Sind Superlative wirklich wichtig?

Hierzu fällt mir als ein Beispiel der „Klugscheißer“ ein. Solche Kinder nerven. Wenn wir ehrlich sind, auch uns. Dann heißen die Fragen, die zur Verbesserung wichtig sind und an uns selbst gehen: Warum muss mein Kind so häufig sein Wissen unter Beweis stellen? Woher kommt der Druck, es den anderen zeigen zu wollen? Warum hat es bei uns gelernt, dass es sich anstrengen muss, um gesehen zu werden? Ist es sich unserer Liebe und Anerkennung nicht sicher? Wird man in unserer Familie einfach so liebgehabt oder ist es dafür wichtig, gute Ergebnisse vorzulegen? Indem man zum Beispiel der Schlaueste, der Bravste oder der Sportlichste ist? Ist es in unserer Familie gut, wenn man mindestens einen Superlativ in der Tasche hat?

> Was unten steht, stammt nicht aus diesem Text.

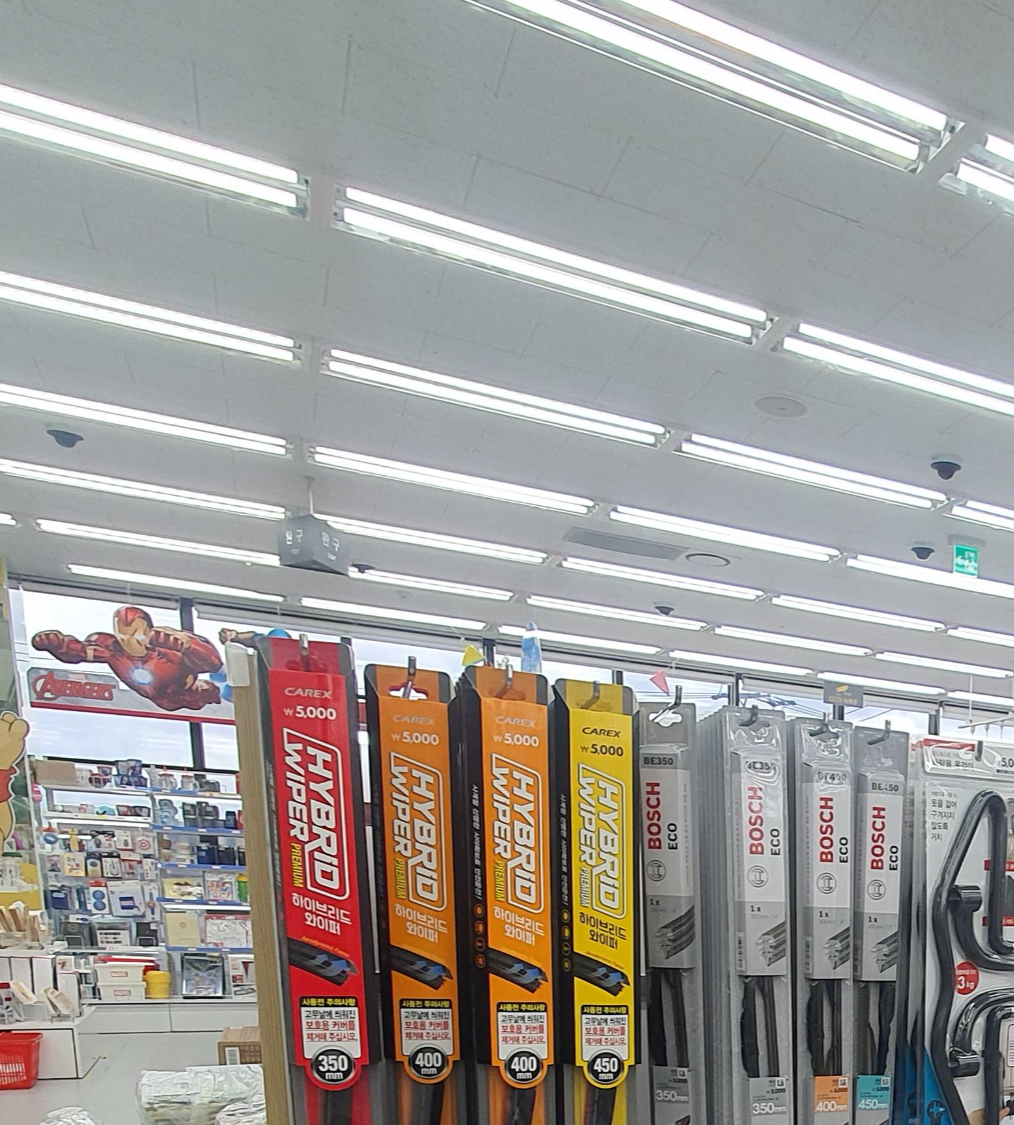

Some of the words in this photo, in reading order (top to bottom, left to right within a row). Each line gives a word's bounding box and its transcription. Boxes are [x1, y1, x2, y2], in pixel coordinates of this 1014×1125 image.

[284, 687, 332, 699] CAREX
[494, 715, 537, 728] CAREX
[582, 726, 621, 738] CAREX
[643, 757, 674, 766] BE350
[284, 743, 309, 842] WIPER
[871, 782, 899, 792] BE450
[306, 746, 341, 890] HYBRID
[391, 765, 413, 858] WIPER
[492, 767, 512, 860] WIPER
[579, 777, 596, 867] WIPER
[646, 782, 662, 849] BOSCH
[747, 786, 765, 855] BOSCH
[411, 768, 438, 901] HYBRID
[512, 770, 537, 909] HYBRID
[667, 822, 678, 850] ECO
[770, 828, 781, 856] ECO
[819, 796, 834, 863] BOSCH
[870, 806, 886, 870] BOSCH
[598, 780, 620, 909] HYBRID
[838, 836, 849, 863] ECO
[889, 845, 899, 871] ECO
[291, 843, 304, 888] PREMIUM
[580, 866, 590, 908] PREMIUM
[292, 893, 352, 924] 하이브리드
[395, 903, 448, 933] 하이브리드
[493, 906, 545, 936] 하이브리드
[304, 912, 341, 935] 와이퍼
[405, 921, 438, 943] 와이퍼
[504, 923, 536, 945] 와이퍼
[579, 912, 627, 940] 하이브리드
[589, 929, 618, 950] 와이퍼
[319, 1055, 349, 1071] 350
[415, 1053, 442, 1067] 400
[511, 1056, 537, 1072] 400
[593, 1058, 619, 1073] 450
[752, 1102, 786, 1114] 350mm
[816, 1101, 848, 1112] 400mm
[859, 1099, 888, 1110] 450mm

Alle Ausstattung, sich da draußen zu verhalten, erhalten unsere Kinder bei uns zu Hause. Rechthaberei, Gehässigkeit, Schadenfreude, Neid, diese Zustände schauen sich unsere Kinder nicht bei anderen ab, wie wir das so gerne hätten, nein, das tragen sie von innen nach außen. Die Richtung geht vom Zuhause in die Welt, nicht umgekehrt. Ein Kind, das zu Hause Mitgefühl kennenlernen kann, wird eventuell eine Weile fasziniert sein von jemandem, der über die Grenzen der anderen hinwegtrampelt, danach wird es aber wieder zu dem zurückkehren, was sich besser und vor allem vertrauter anfühlt: dem Mitgefühl.